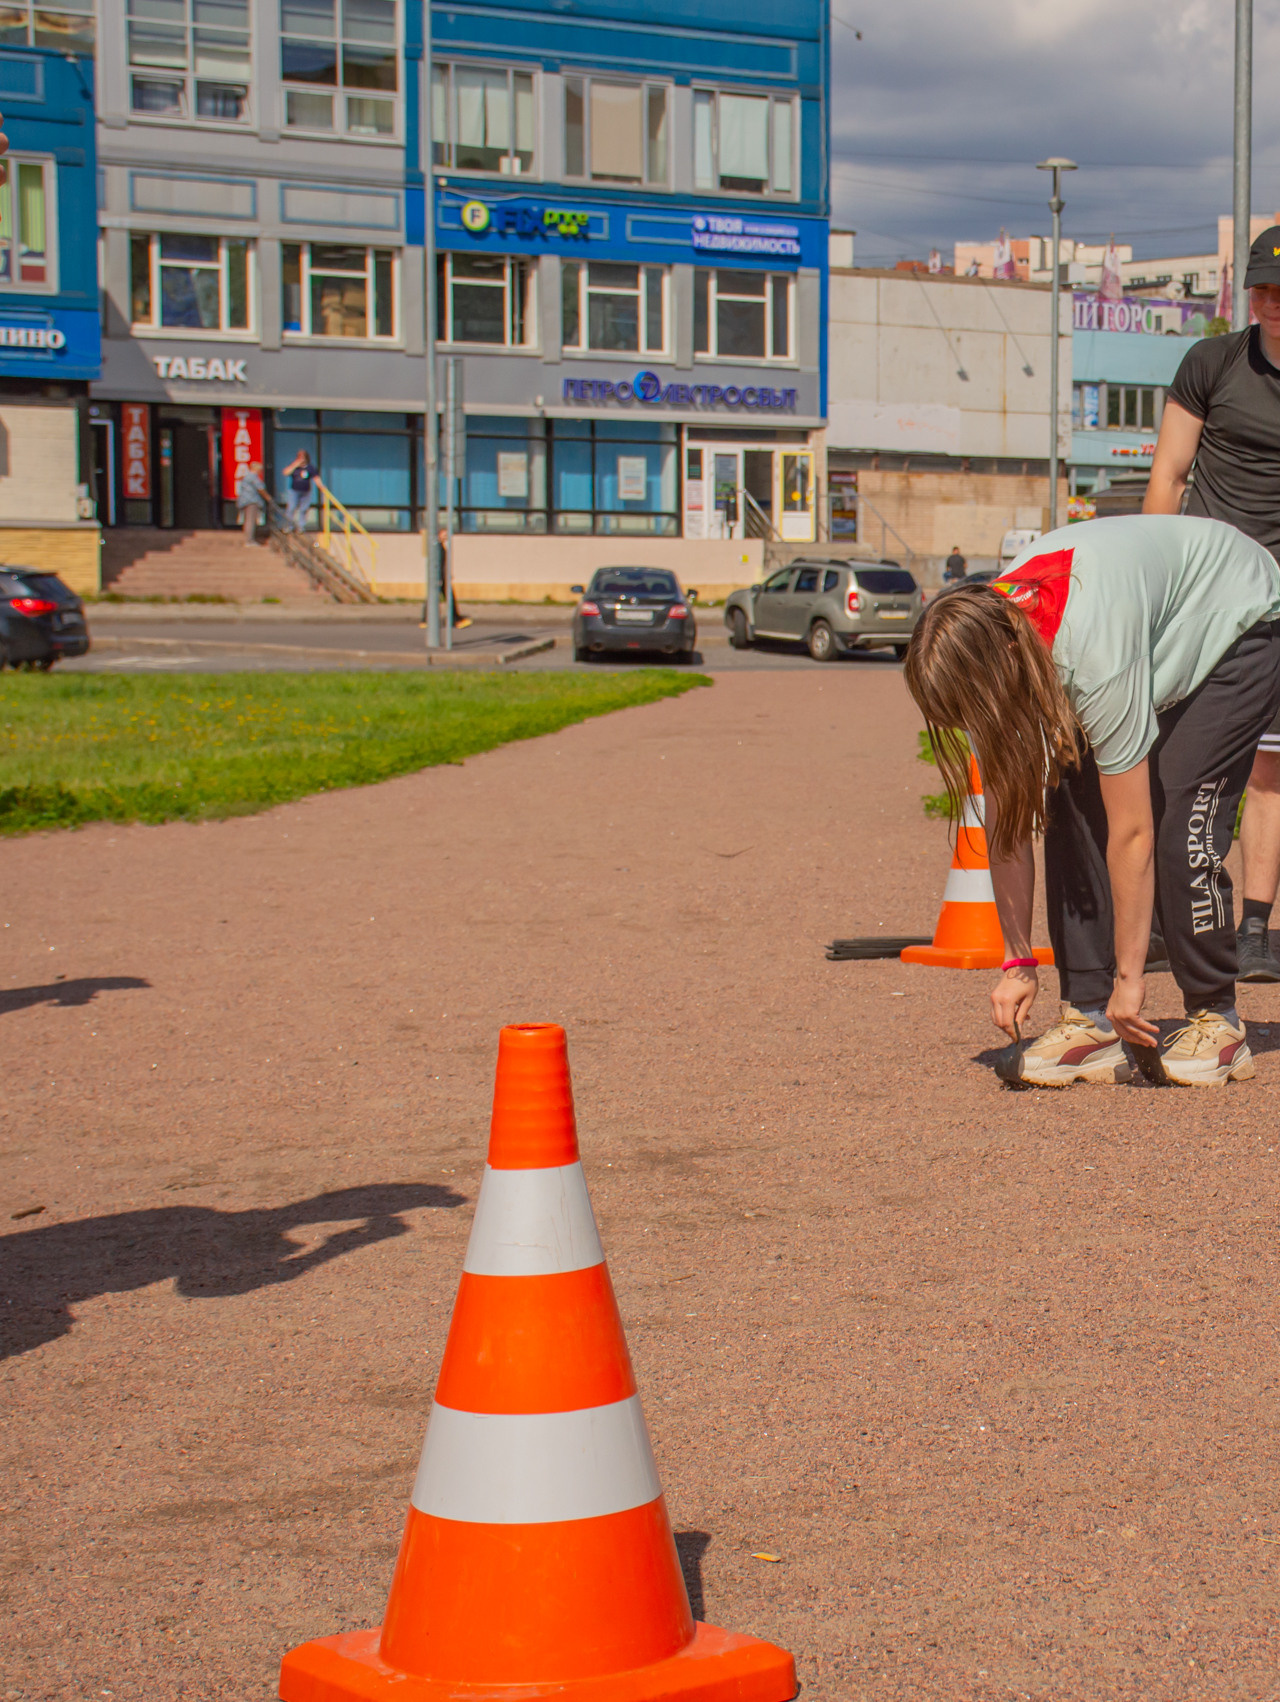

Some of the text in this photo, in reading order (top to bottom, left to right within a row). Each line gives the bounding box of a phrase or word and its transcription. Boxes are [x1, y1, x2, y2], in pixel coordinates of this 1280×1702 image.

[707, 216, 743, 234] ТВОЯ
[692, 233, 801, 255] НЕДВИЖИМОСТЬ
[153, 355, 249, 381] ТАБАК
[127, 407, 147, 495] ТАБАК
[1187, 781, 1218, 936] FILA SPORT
__________
WHAT THE EXERCISE ASKS: Without changing a word, retype every entry above, but drop its pictures.

RESULT FOR THIS EXERCISE:
Some of the text in this photo, in reading order (top to bottom, left to right within a row). Each line gives the bounding box of a phrase or word and its transcription. Boxes are [x1, y1, x2, y2], in pixel coordinates of this 1280×1702 image.

[707, 216, 743, 234] ТВОЯ
[692, 233, 801, 255] НЕДВИЖИМОСТЬ
[153, 355, 249, 381] ТАБАК
[127, 407, 147, 495] ТАБАК
[1187, 781, 1218, 936] FILA SPORT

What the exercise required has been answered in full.